Yikes. Apologies for the lack of blog posts - the month of May is flying by.

I’ve been reading this post by Dare Obansanjo wherein Dare takes up the subject of “web 2.0″ adoption — or, more specifically, that early adopters are not the same as mainstream adoption. The point of the post is summed up in the ending question: “…we solving a problem that everybody has or are we building a product for Robert Scoble?”

In the context of enterprise adoption, I think its an especially good question.

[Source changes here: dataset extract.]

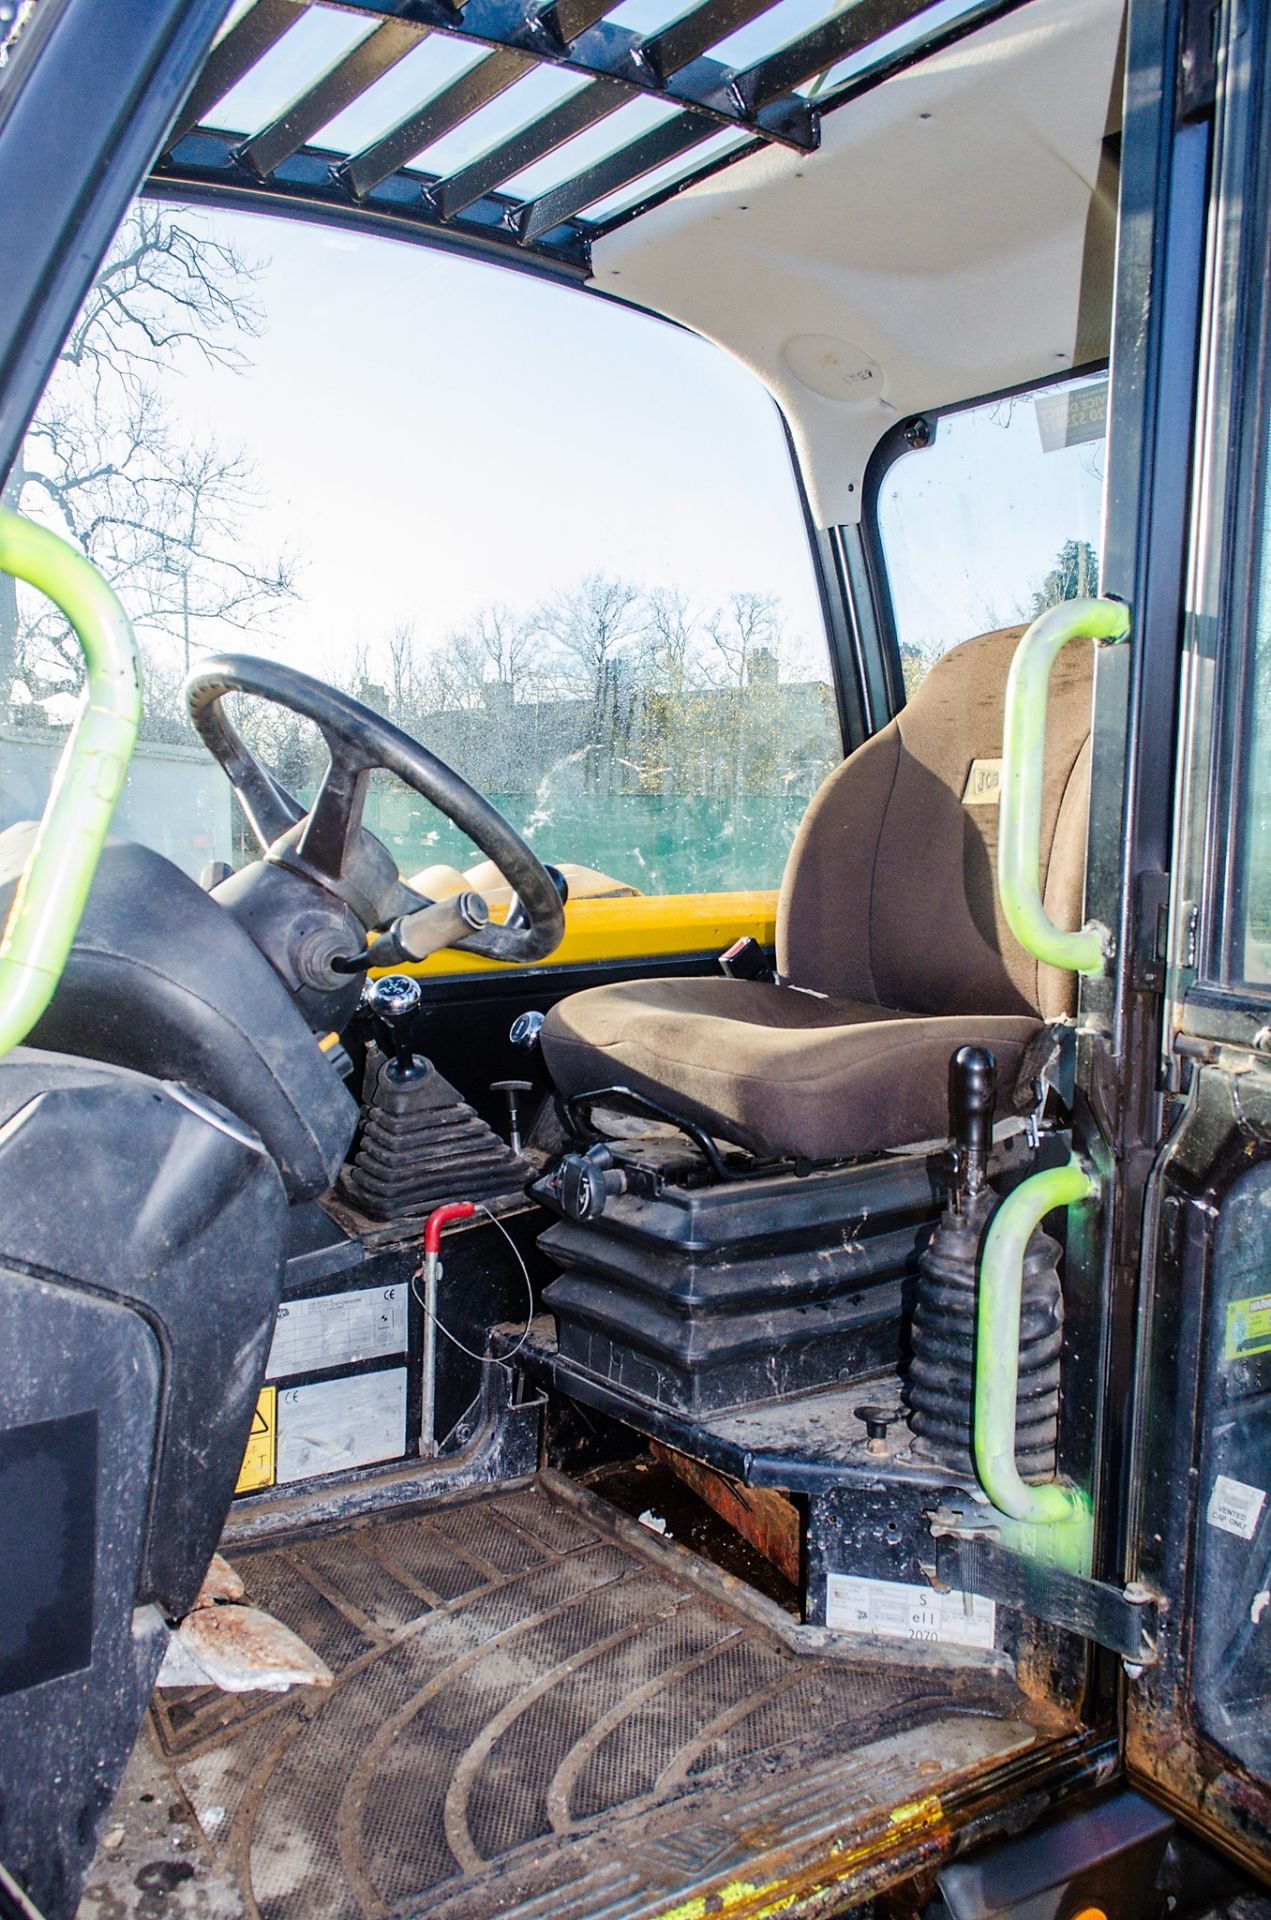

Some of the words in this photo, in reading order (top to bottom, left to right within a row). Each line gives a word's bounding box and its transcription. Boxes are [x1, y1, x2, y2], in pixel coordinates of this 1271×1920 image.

We never started Defrag to deal with “web 2.0″ topics. Rather, we wanted to tackle the broad problem of information overload and how it is that technology can help to discover, sort, organize, and make useful that overload (”accerlerate the aha moment” if you will). As I look at Defrag sponsors and potential sponsors, you can see a broad swath of tool sets that get used both in the enterprise and, more strictly, by end users. That swath includes “enterprise 2.0″ (collaboration) technologies, semantic technologies and implicit web technologies. And, as I speak with folks, I’ve started to get a sense of what technologies are further into the uptake cycle than others.

To be clear, Defrag is an early adopter conference. We have lots of great enterprise folks that are thinking about BIG problem-sets and working on solving those early things. That said, you can feel that some technologies like social bookmarking in the enterprise, or social networking in the enterprise, are definitely experiencing more uptake this year than others.

The “unique” part of the Defrag conversation is watching how these technologies in different parts of the adoption cycle are interacting with each other to solve bigger problems. What does it mean, for instance, when you can tag information, discover it via social networks, search and recombine pieces of it and then feed it into different applications and uses via widgets and RSS. That process is not just *one* Defrag vendor — its a whole lot of them taken together. And really, I don’t think any of us would want that problem to be solved by one vendor (at least, I wouldn’t).

I guess in that way Defrag really is assembling the disparate bits of technology solutions. And I’d bet that that process of “defragging” will be what takes these solutions from early adopter to mainstream.